## [Action item]
Set the data down exactly as it stands, and keep its pictures out.

········

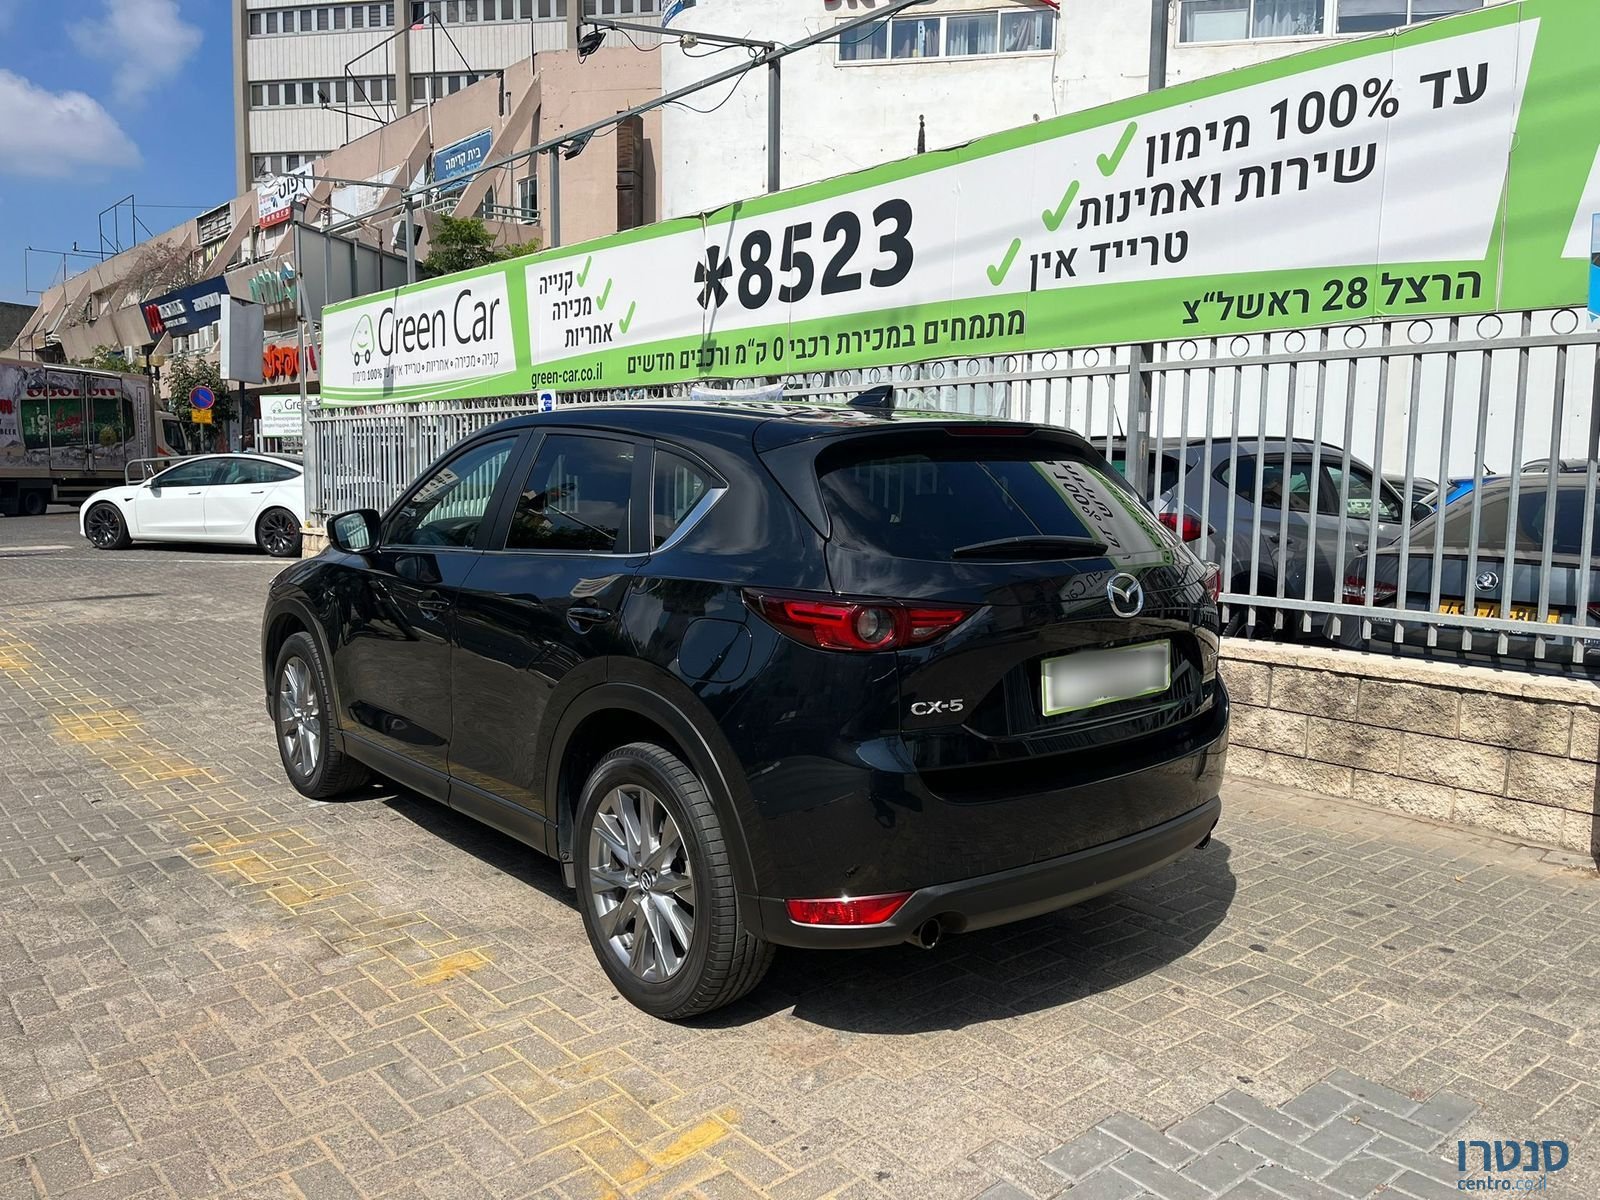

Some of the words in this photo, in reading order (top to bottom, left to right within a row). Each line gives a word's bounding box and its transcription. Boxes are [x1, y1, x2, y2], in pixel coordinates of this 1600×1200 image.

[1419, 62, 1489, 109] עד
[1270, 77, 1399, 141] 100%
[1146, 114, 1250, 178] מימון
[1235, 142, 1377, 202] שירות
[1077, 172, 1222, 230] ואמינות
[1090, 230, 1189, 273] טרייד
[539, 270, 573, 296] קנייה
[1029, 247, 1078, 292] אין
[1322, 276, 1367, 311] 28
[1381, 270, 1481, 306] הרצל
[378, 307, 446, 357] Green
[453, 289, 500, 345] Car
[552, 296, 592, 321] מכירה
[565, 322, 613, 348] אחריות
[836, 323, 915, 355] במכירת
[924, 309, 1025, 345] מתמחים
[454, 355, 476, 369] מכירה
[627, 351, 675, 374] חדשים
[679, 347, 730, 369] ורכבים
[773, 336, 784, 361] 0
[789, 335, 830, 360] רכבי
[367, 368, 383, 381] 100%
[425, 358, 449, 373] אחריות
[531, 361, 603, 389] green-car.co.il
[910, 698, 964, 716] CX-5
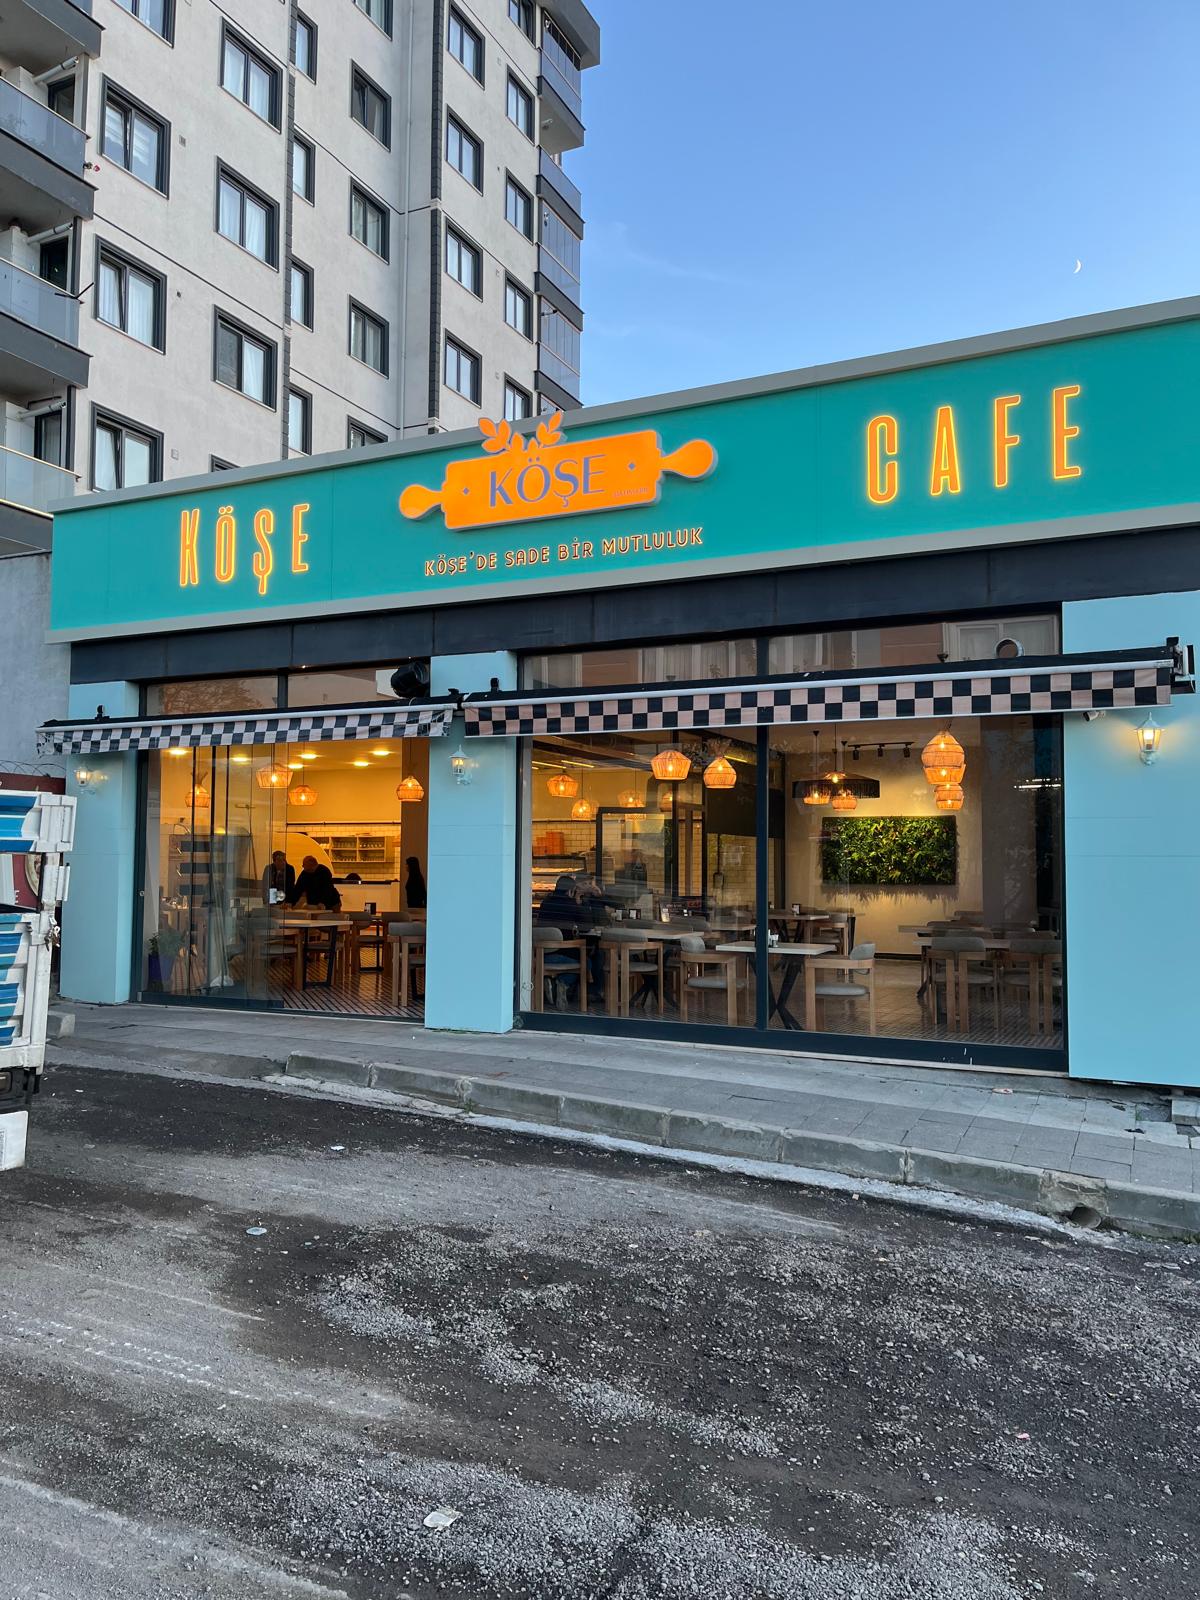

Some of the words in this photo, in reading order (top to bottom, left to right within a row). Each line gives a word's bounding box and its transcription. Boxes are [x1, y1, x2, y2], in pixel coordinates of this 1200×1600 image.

········

## [Response to this exercise]
Some of the words in this photo, in reading order (top to bottom, left to right within a row). Each line gives a word's bounding box and its transcription. Boxes are [x1, y1, x2, y2], in pixel coordinates of this 1600×1200 image.

[1419, 62, 1489, 109] עד
[1270, 77, 1399, 141] 100%
[1146, 114, 1250, 178] מימון
[1235, 142, 1377, 202] שירות
[1077, 172, 1222, 230] ואמינות
[1090, 230, 1189, 273] טרייד
[539, 270, 573, 296] קנייה
[1029, 247, 1078, 292] אין
[1322, 276, 1367, 311] 28
[1381, 270, 1481, 306] הרצל
[378, 307, 446, 357] Green
[453, 289, 500, 345] Car
[552, 296, 592, 321] מכירה
[565, 322, 613, 348] אחריות
[836, 323, 915, 355] במכירת
[924, 309, 1025, 345] מתמחים
[454, 355, 476, 369] מכירה
[627, 351, 675, 374] חדשים
[679, 347, 730, 369] ורכבים
[773, 336, 784, 361] 0
[789, 335, 830, 360] רכבי
[367, 368, 383, 381] 100%
[425, 358, 449, 373] אחריות
[531, 361, 603, 389] green-car.co.il
[910, 698, 964, 716] CX-5

Some of the words in this photo, in reading order (top to bottom, left to right within a row). Each line gives a word's bounding box and its transcription. Boxes are [x1, y1, x2, y2], in pixel coordinates of this 1200×1600 image.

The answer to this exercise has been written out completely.